而不是从python到spark,为什么不使用Neo4j Spark连接器呢?我认为如果移动大量数据,这将使python成为一个瓶颈。您可以将您的密码查询放在spark会话中并将其另存为RDD。
There has been talk on the Neo4J slack group about a pyspark implementation, which will hopefully be available later this fall. I know the ability to query neo4j from pyspark and sparkr would be very useful.
有关Pyspark实施的Neo4J松弛小组已经有人谈论过,希望能在今年秋天晚些时候推出。我知道从pyspark和sparkr查询neo4j的能力非常有用。
#1
0
I deleted the old post and reposted the same question. But I haven't received any pointers. So, I am posting my way of approach so that it may help others.
我删除了旧帖并重新发布了相同的问题。但我没有收到任何指示。所以,我发布我的方法,以便它可以帮助别人。
'''
Storing the return result into RDD
'''
session = driver.session()
result = session.run('MATCH (n:Hobby) RETURN n.hobby AS hobby,id(n) As id LIMIT 10')
session.close()
'''
Pulling the keys
'''
keys = result.peek().keys()
'''
Reading all the property values and storing it in a list
'''
values=list()
for record in result:
rec= list()
for key in keys:
rec.append(record[key])
values.append(rec)
'''
Converting list of values into a pandas dataframe
'''
df = DataFrame(values, columns=keys)
print df
'''
Converting the pandas DataFrame to Spark DataFrame
'''
sqlCtx = SQLContext(sc)
spark_df = sqlCtx.createDataFrame(df)
print spark_df.show()
'''
Converting the Pandas DataFrame to SparkRdd (via Spark Dataframes)
'''
rdd = spark_df.rdd.map(tuple)
print rdd.take(10)
Any suggestions to improve the efficiency is highly appreciated.
任何提高效率的建议都受到高度赞赏。
#2
0
Instead of going from python to spark, why not use the Neo4j Spark connector?

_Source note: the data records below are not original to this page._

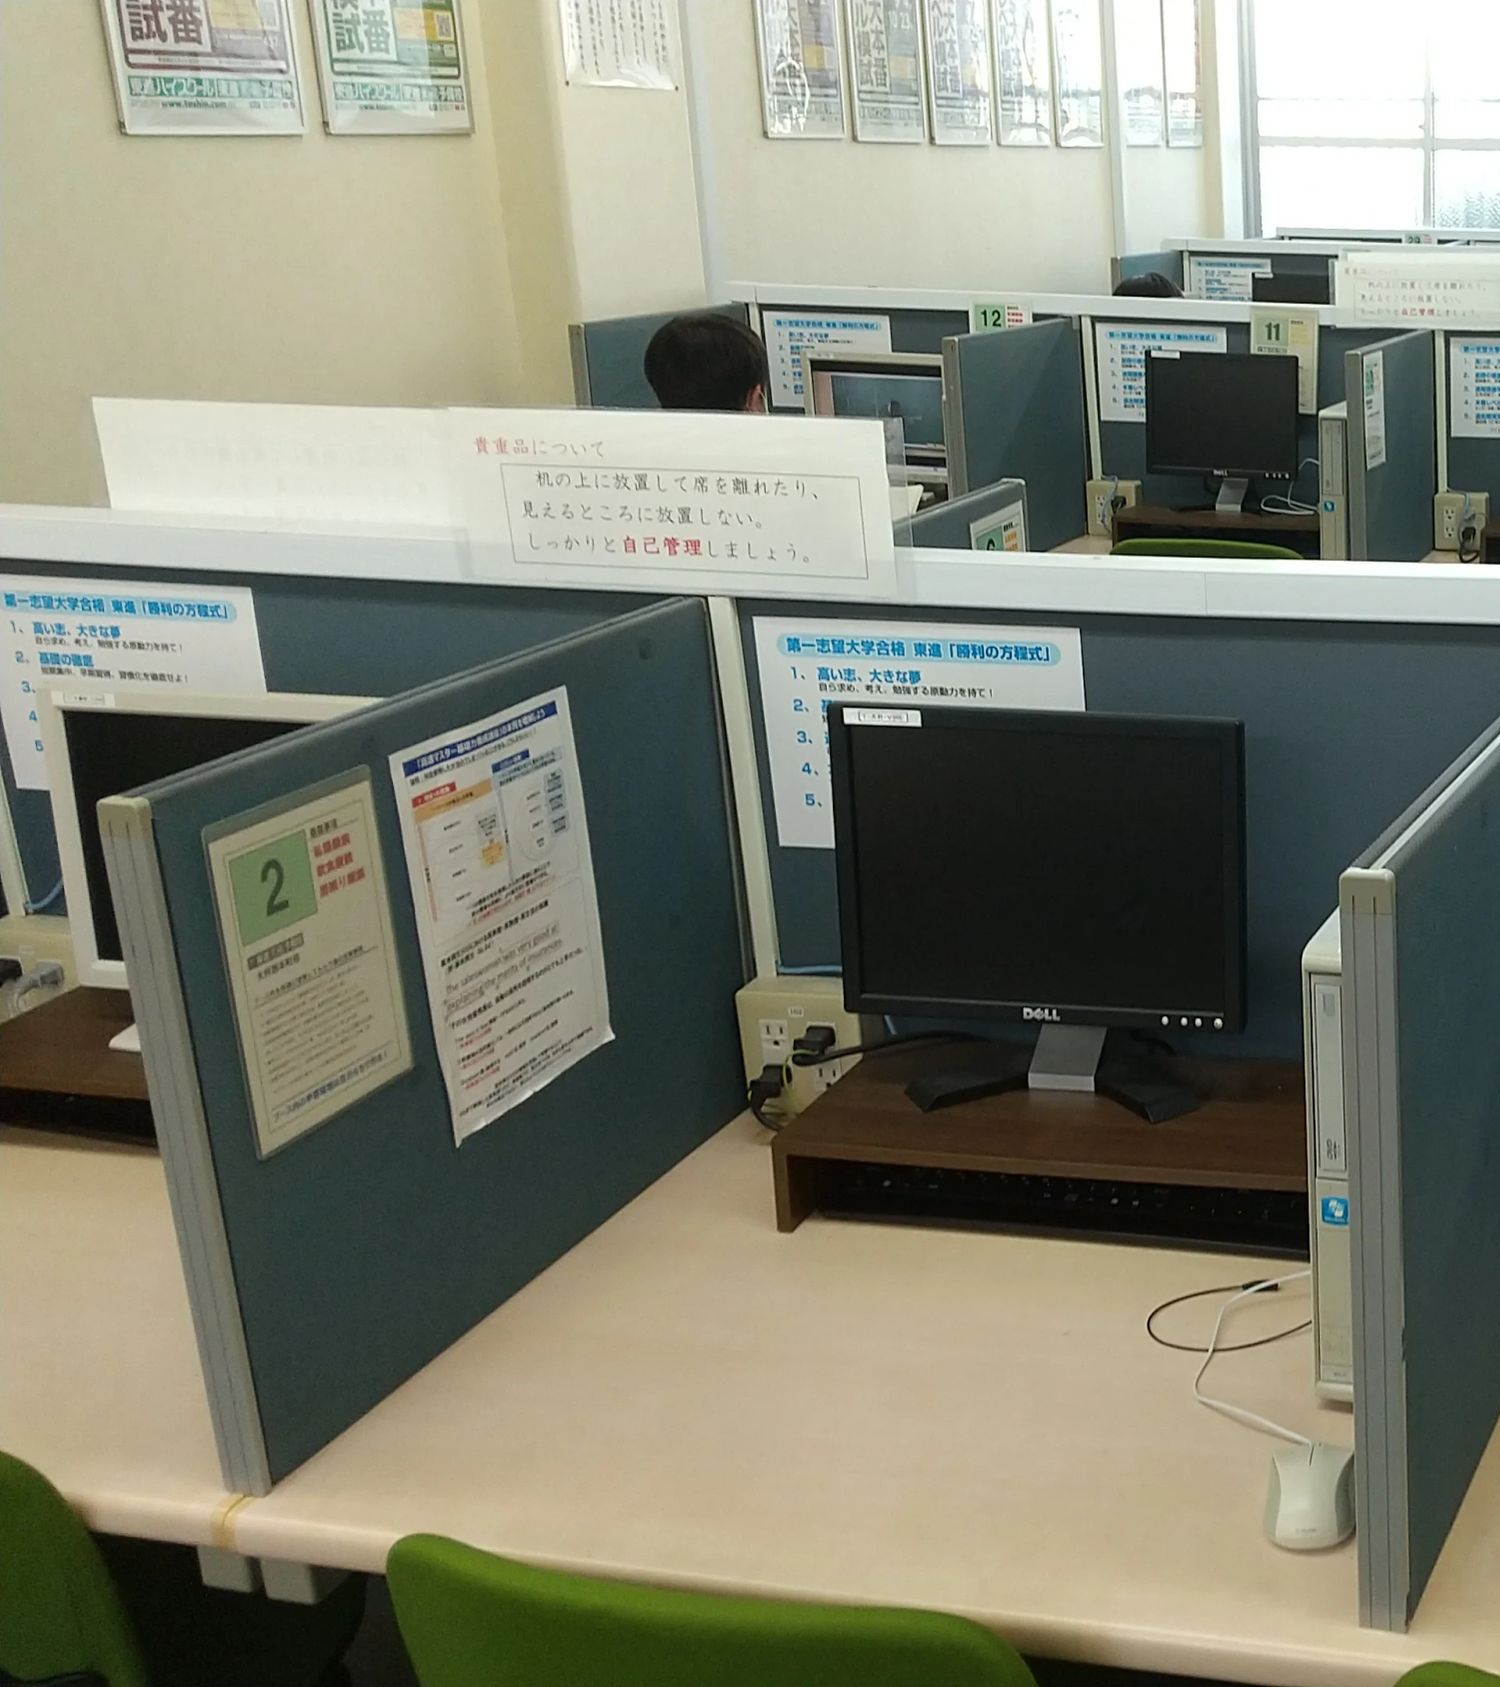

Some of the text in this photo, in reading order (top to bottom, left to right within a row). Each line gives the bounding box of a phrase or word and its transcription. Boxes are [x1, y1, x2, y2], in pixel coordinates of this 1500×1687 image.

[331, 0, 365, 53] 試
[981, 309, 1001, 327] 12
[1265, 322, 1280, 341] 11
[473, 435, 604, 459] 貴重品について
[535, 470, 819, 501] 机の上に放置して席を離れたり、
[521, 500, 763, 530] 見えるところに放置しない。
[529, 534, 811, 564] しっかりと自己管理しましょう。
[4, 593, 104, 613] 第一志望大学合格
[32, 622, 121, 639] 高い志、大きな夢
[786, 637, 1051, 662] 第一志望大学合格 東進「勝利の方程式」
[817, 667, 922, 684] 高い志、大きな夢
[261, 859, 289, 917] 2
[1022, 1007, 1061, 1021] DELL
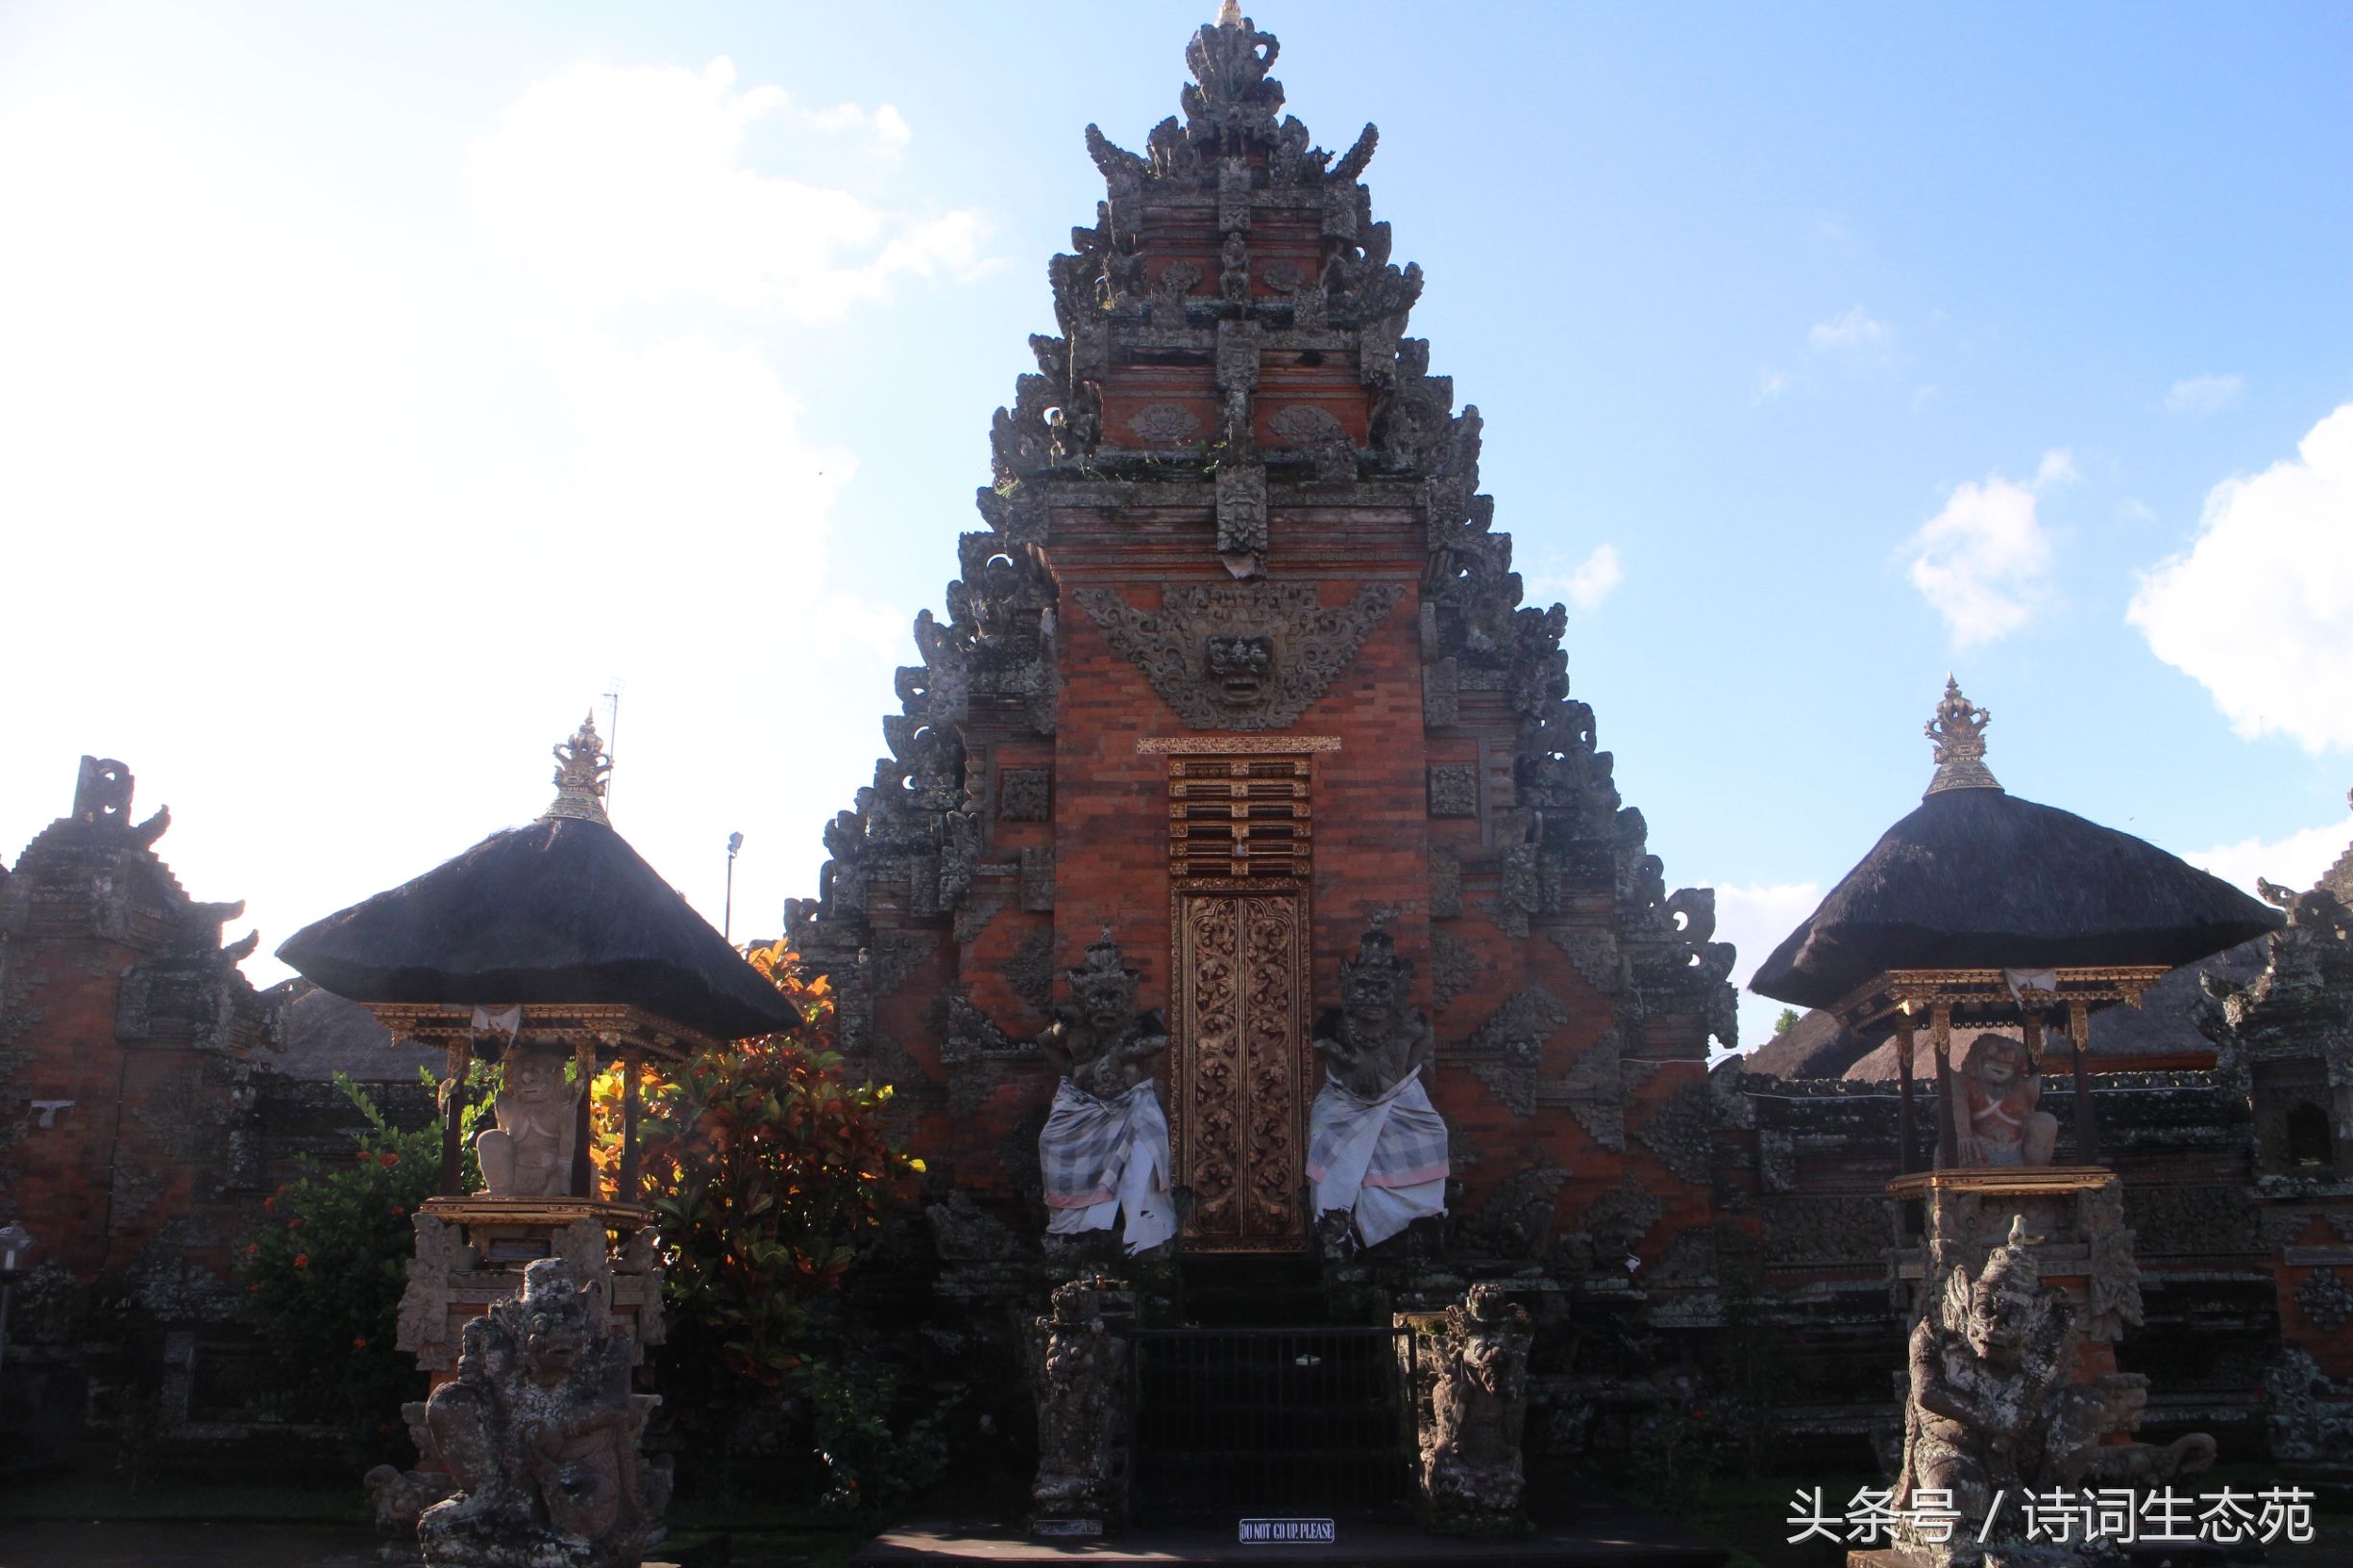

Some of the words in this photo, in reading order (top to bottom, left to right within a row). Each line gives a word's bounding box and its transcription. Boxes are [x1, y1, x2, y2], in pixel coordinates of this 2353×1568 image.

[1241, 1523, 1253, 1539] DO
[1254, 1523, 1270, 1539] NOT
[1273, 1523, 1286, 1539] GO
[1300, 1522, 1333, 1539] PLEASE
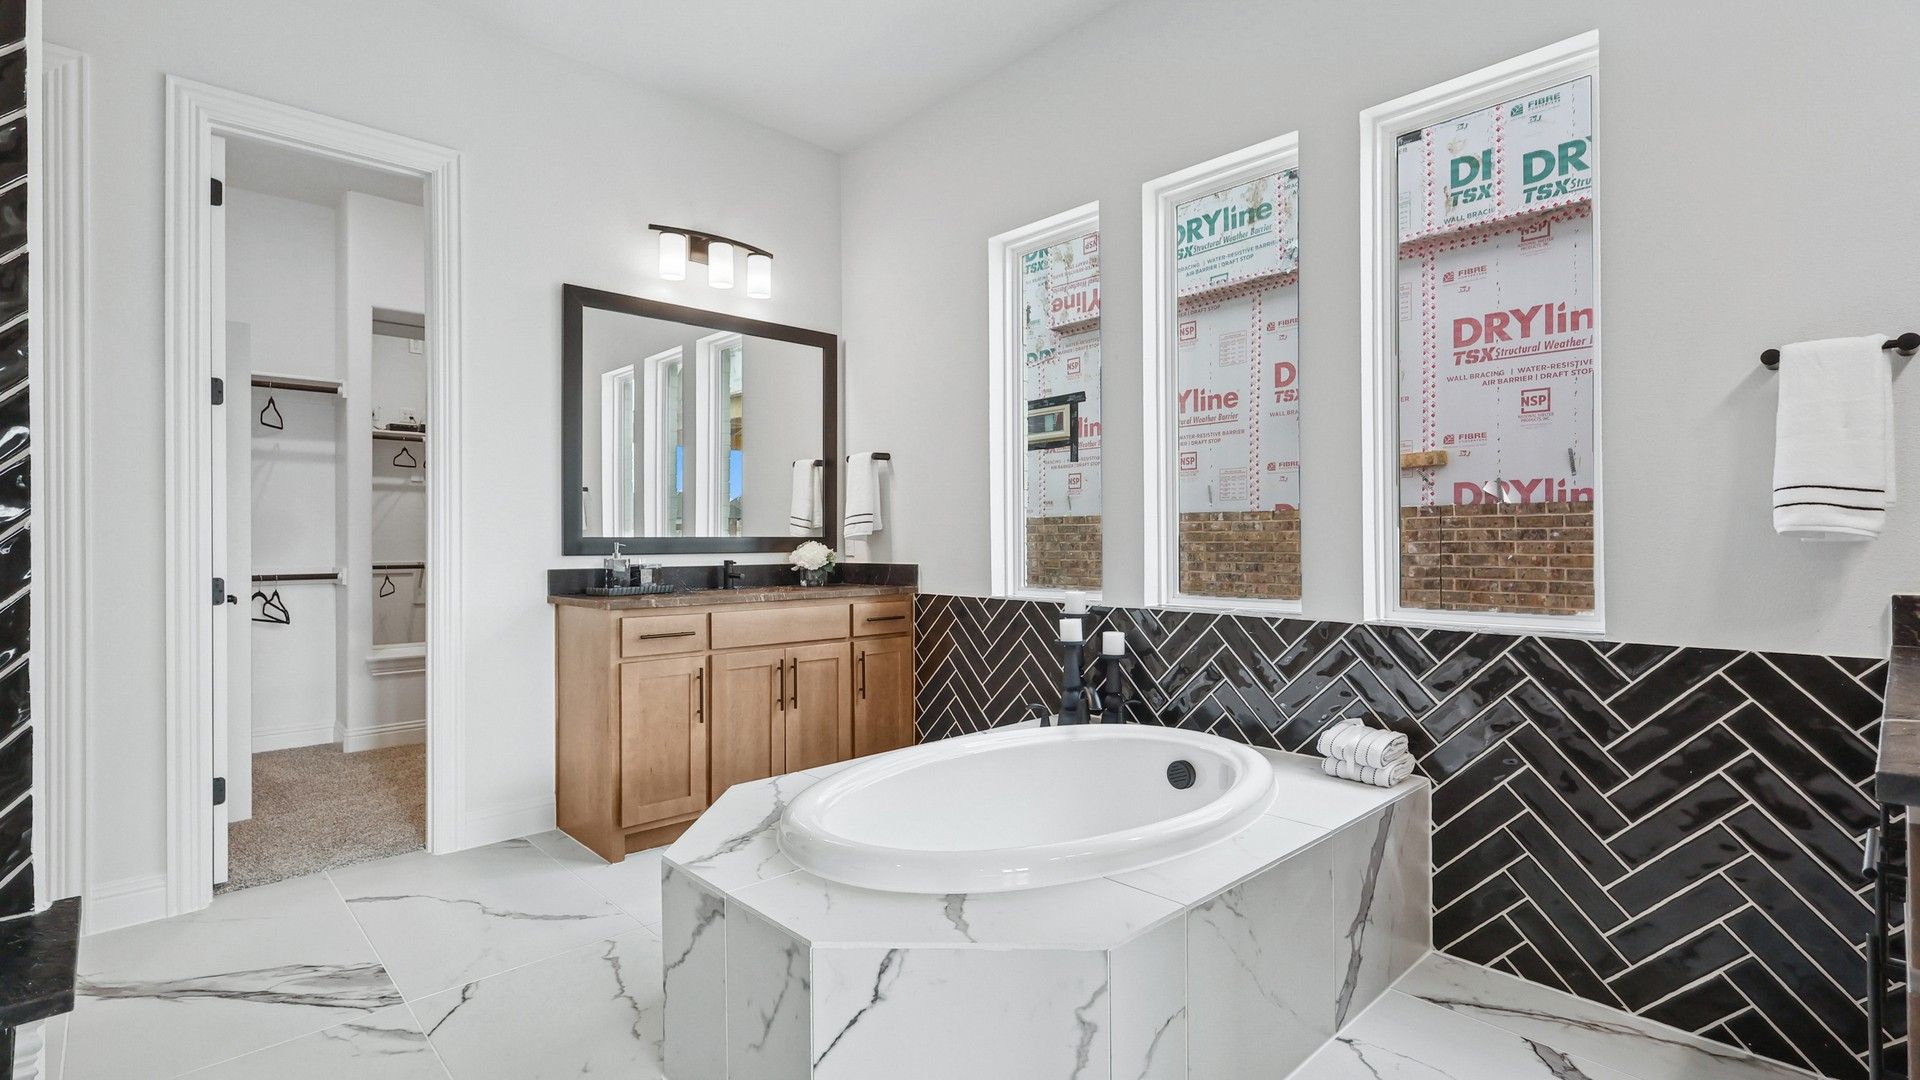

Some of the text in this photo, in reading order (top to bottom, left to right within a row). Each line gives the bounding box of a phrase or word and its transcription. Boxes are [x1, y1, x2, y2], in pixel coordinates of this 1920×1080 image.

I think this would save python from being a bottle neck if you were moving a lot of data. You can put your cypher query inside of the spark session and save it as an RDD.
而不是从python到spark,为什么不使用Neo4j Spark连接器呢?我认为如果移动大量数据,这将使python成为一个瓶颈。您可以将您的密码查询放在spark会话中并将其另存为RDD。
There has been talk on the Neo4J slack group about a pyspark implementation, which will hopefully be available later this fall. I know the ability to query neo4j from pyspark and sparkr would be very useful.
有关Pyspark实施的Neo4J松弛小组已经有人谈论过,希望能在今年秋天晚些时候推出。我知道从pyspark和sparkr查询neo4j的能力非常有用。